■ Problem details: Every record below must come back exactly as written, with the images dropped.

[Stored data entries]
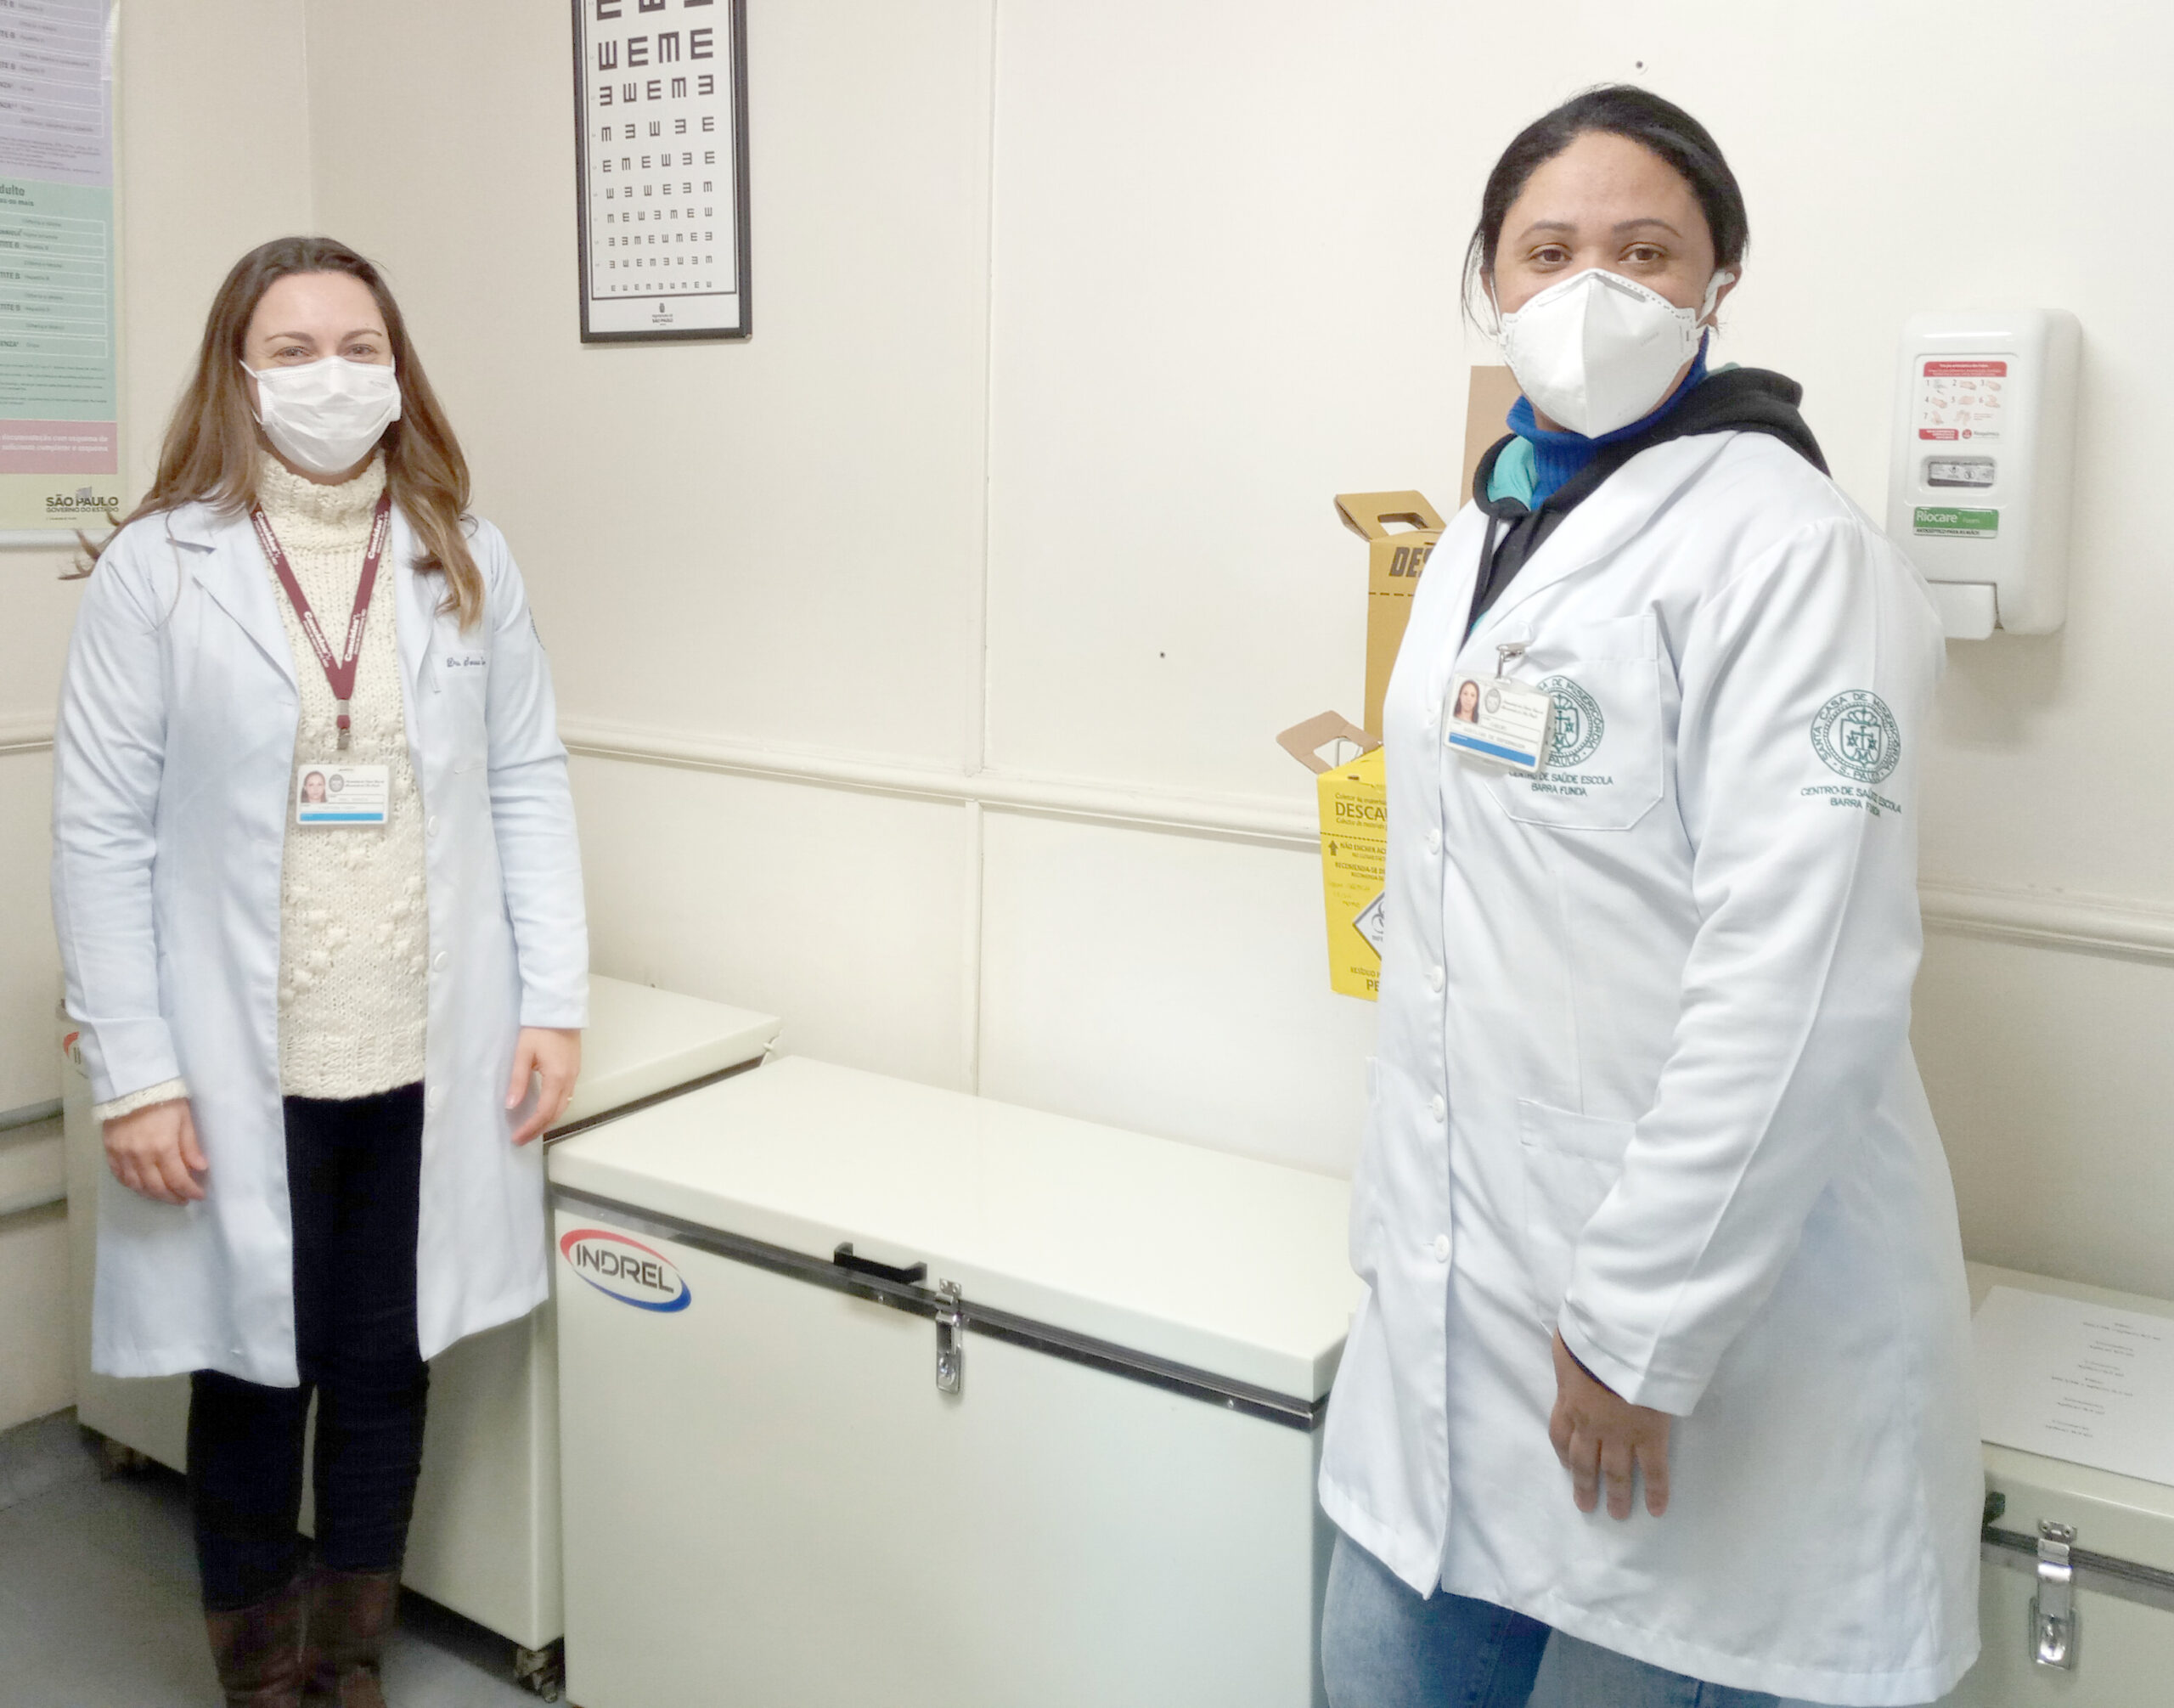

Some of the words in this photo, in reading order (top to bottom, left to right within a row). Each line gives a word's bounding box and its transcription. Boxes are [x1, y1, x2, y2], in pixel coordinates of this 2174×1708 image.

[46, 493, 74, 507] SÃO
[76, 496, 119, 507] PAULO
[1916, 510, 1958, 523] Riocare
[1853, 692, 1867, 702] DE
[1819, 696, 1848, 720] CASA
[1813, 726, 1832, 761] SANTA
[1548, 753, 1580, 765] PAULO
[1551, 771, 1578, 784] SAÚDE
[1580, 775, 1614, 785] ESCOLA
[1531, 782, 1558, 794] BARRA
[1559, 786, 1588, 797] FUNDA
[1800, 786, 1839, 797] CENTRO
[1840, 786, 1854, 796] DE
[1830, 797, 1863, 809] BARRA
[1334, 801, 1387, 822] DESCA
[576, 1243, 674, 1294] INDREL
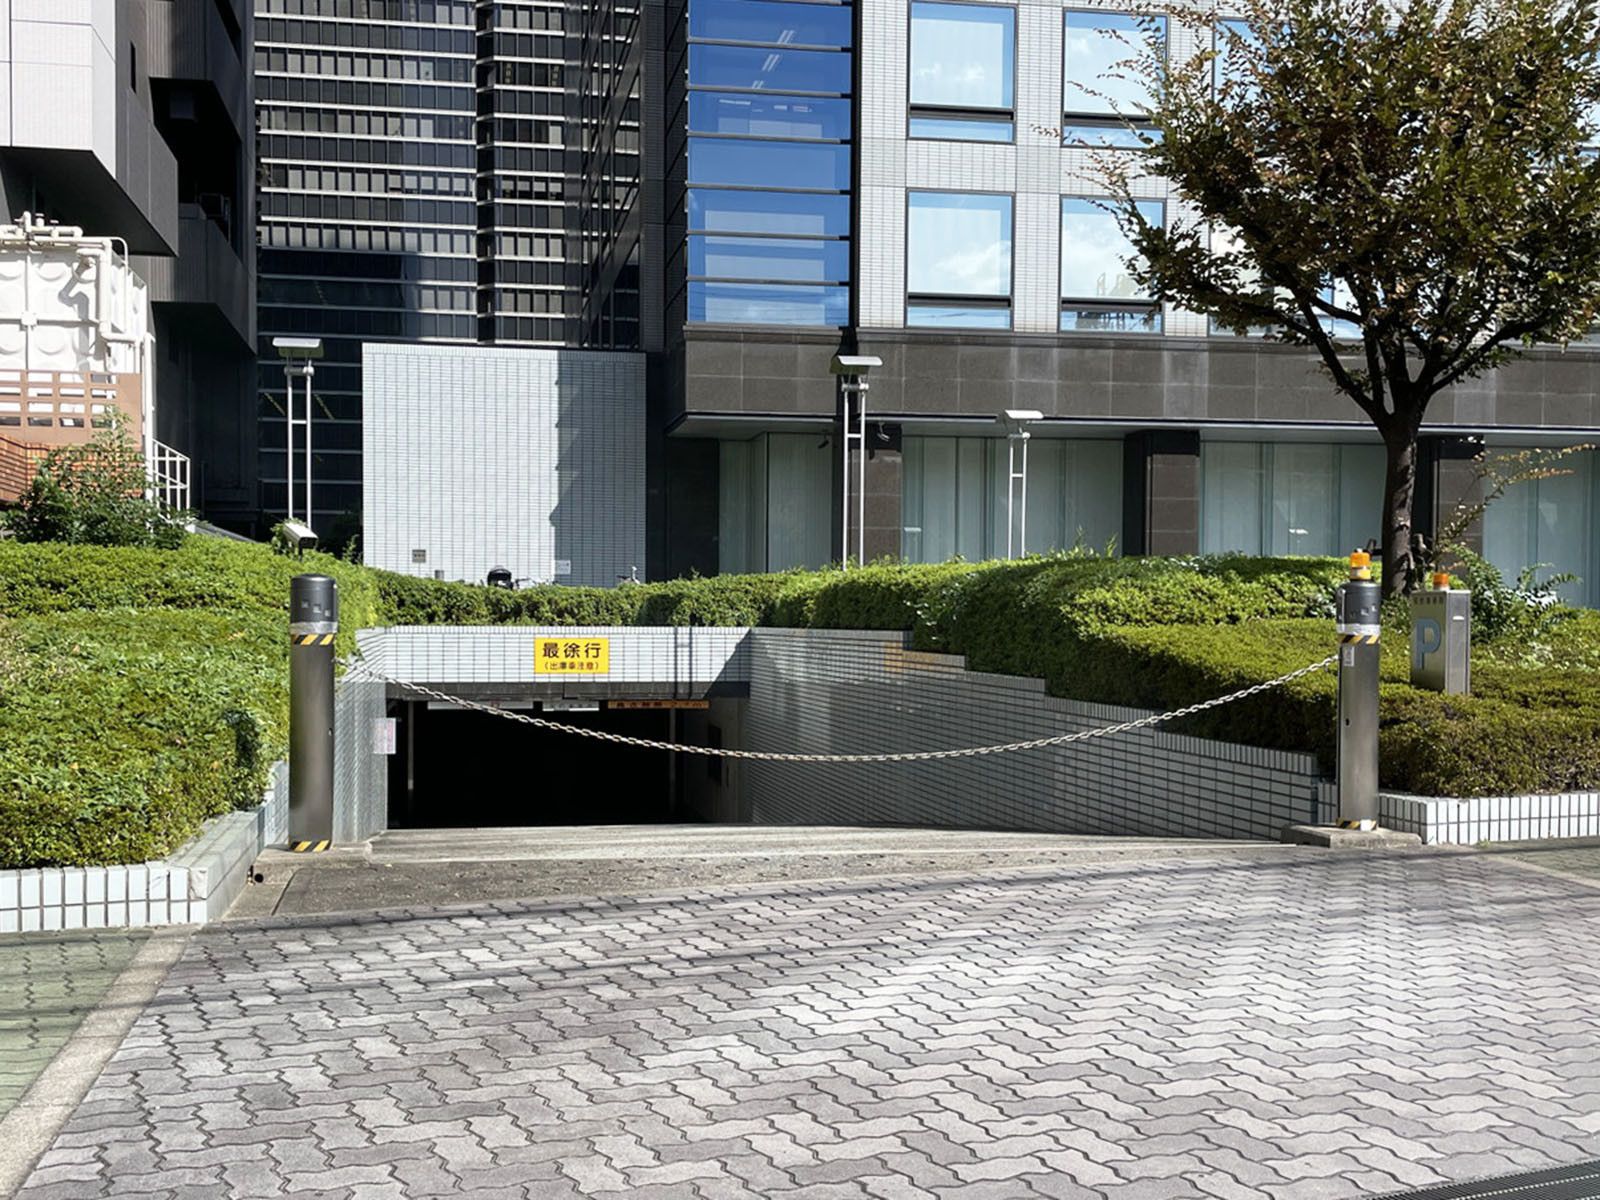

■ Output of the task:
Some of the words in this photo, in reading order (top to bottom, left to right within a row). Each line gives a word's bounding box and its transcription. Boxes are [x1, y1, x2, y2], in pixel coordinates of this 2174×1708 image.

[46, 493, 74, 507] SÃO
[76, 496, 119, 507] PAULO
[1916, 510, 1958, 523] Riocare
[1853, 692, 1867, 702] DE
[1819, 696, 1848, 720] CASA
[1813, 726, 1832, 761] SANTA
[1548, 753, 1580, 765] PAULO
[1551, 771, 1578, 784] SAÚDE
[1580, 775, 1614, 785] ESCOLA
[1531, 782, 1558, 794] BARRA
[1559, 786, 1588, 797] FUNDA
[1800, 786, 1839, 797] CENTRO
[1840, 786, 1854, 796] DE
[1830, 797, 1863, 809] BARRA
[1334, 801, 1387, 822] DESCA
[576, 1243, 674, 1294] INDREL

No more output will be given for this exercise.